# Porn, lying and cheating wives?



## DeekoDeek (Jun 19, 2011)

I'm 29f, attractive and in shape, married for 2 years to 30m. No kids.

A little background: 
My husband hasn't treated me the greatest. He was basically verbally abusive for awhile, but he's gotten better. He lied about how many women he's had sex with... on a drunk night he volunteered he'd slept with over 100 women in his life, many of them being married. He also told me while drinking, unprovoked, that he likes women too much and finds it hard to not cheat. And I mean he went into all kinds of details about how he likes all kinds of womens bodies and he likes this and that.. he kept digging that hole and I just sat there with my stomach sinking deeper and deeper. Of course ever since then he regrets saying it and says he doesn't know why 
he said it and he didn't mean it. He has talked about swinging and 3 somes and even kept pushing the issue of us getting a girlfriend for us (i'm not even bi). I told him that will never happen and for him to stop asking. From how he treated me, to those 2 pieces of info, to him bugging me about other girls, my trust for him has dwindled. I was happily, or stupidly, in bliss and happy with him until those things were mentioned. My husband and my sex life is pretty good, we talk about and do lots of fun things and wild things. We are pretty open.

Now on to my issue:
I don't mind some porn. I know guys like porn... My husband lies about porn. He clears his history, but i was able to see how often he views porn sites.. and yes i admit i checked because it bugs the hell out of me that he lies. He watches porn 3-5 times a week, for hours at a time. He searches for "cheating wife" porn and "cheating army wife" porn (he's in the army). I confronted him about him lying about porn and about this cheating wife porn and he said he forgot about all the porn he watched and that he thought it was only once in 2 weeks, said he was watching it for "us" so we could watch it together later (on that day i was working late and he watched it for about 6 hours on and off). He says its OK for him to lie to me about it. He has asked me before to watch porn with him so I don't see why he has to lie about it. The cheating wife porns really concerns me. I asked him if the idea of a wife cheating with him turns him on. He said yes, but he would never cheat on me. Having a hard time believing that......

I find myself not being able to trust him AT ALL. His times of verbally abusing me, telling me he doesn't care about me, lying about porn, lying about how many women he's been with, telling me its hard for him to not cheat, looking up cheating women porn, saying he wants us to have a gf in our marriage........ He tells me to just trust him. I'd like you to give me your opinion on this. Am I over reacting ? How can I make this situation better? What would you do?

Thanks for reading this.


----------



## tobias (Jun 21, 2011)

Oh my goodness, DeekoDeek,

Your husband is in bad shape. I am going to tell you something that may shock you. Pornography has NO place in your marriage! Porn is about lust not love. You need your husband to love you, to cherish you, not to treat you like an object for sexual gratification. The fact that he asks about having a 3-some confirms this. Sex between husband and wife is about UNION not about lust and not about sexual thrills. It is about expressing that you are the most important person in my life and I want to make a total gift of myself to you. Marital intercourse is also about children and about family. 

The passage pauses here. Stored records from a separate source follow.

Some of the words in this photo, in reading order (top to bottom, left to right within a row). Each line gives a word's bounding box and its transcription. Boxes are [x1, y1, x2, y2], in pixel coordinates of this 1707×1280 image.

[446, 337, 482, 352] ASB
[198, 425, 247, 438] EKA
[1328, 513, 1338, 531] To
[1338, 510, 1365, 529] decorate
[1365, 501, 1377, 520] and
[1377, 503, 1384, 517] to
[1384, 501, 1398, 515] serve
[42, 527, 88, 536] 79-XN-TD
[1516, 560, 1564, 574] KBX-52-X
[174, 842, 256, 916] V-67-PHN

You are right to be concerned about his fascination with "Cheating wives." Why would he fantasize about this if you are all he needs? Why would he fantasize about adding a "girl friend" if you are all he needs? Why does he need pornography?

My advice to you is to shut the door on pornography. I am a man and it is a lie that men "need" pornography. What men need is true intimacy with their wives. You are absolutely right on for it to "bug the hell out of you." He needs to know that you demand to be loved and not used and that you will not share that right with another.

As for the verbal abuse, you do not have to tolerate this one bit. His verbal abuse confirms again that he has no respect for you. Don't let him do it. Stand up to him. But if you are the least bit afraid of him becoming physically abusive, notify his superior officer. You are in a great position to deal with this with all the support the Army chain of command gives. 

Good luck!


----------



## BigToe (Jun 2, 2011)

I don't think you are overreacting. His obsession with "cheating wives" and the fact that he's had many married sex partners possibly indicates a fetish. He's either oversexed or not satisfied with the intimacy you provide.


----------



## DeekoDeek (Jun 19, 2011)

Thanks for the responses. I do feel he is oversexed and I also feel his respect level for me And our marriage is low. He told me before porn helps a guy not cheat. I do feel bad for checking up on him but I was only doing it in hopes it would show me that I was just being paranoid and that he was being truthful when I only found out the opposite. I feel sad. I want an open and honest relAtionship & I've told him & asked him many times before about this. He insists though that it's just porn And I shouldn't be upset or worried that he's lying. He sYs he just wants privacy with his porn habits. I am very concerned that if he's like this only 2 years in what's going to happen down the road.... This trust stuff is really stArting to wear me down...
_Posted via Mobile Device_


----------



## Catherine602 (Oct 14, 2010)

Deeko - my first concern is your health. Have you been tested for clymedia, herpes, HIV etc. These STDs can be asymtomatic. Please get checked every 6 months if you stay with him. I think he is a very bad risk for a faithful spouse. He is likely to be a serial cheater and you may pick up an STD from him. 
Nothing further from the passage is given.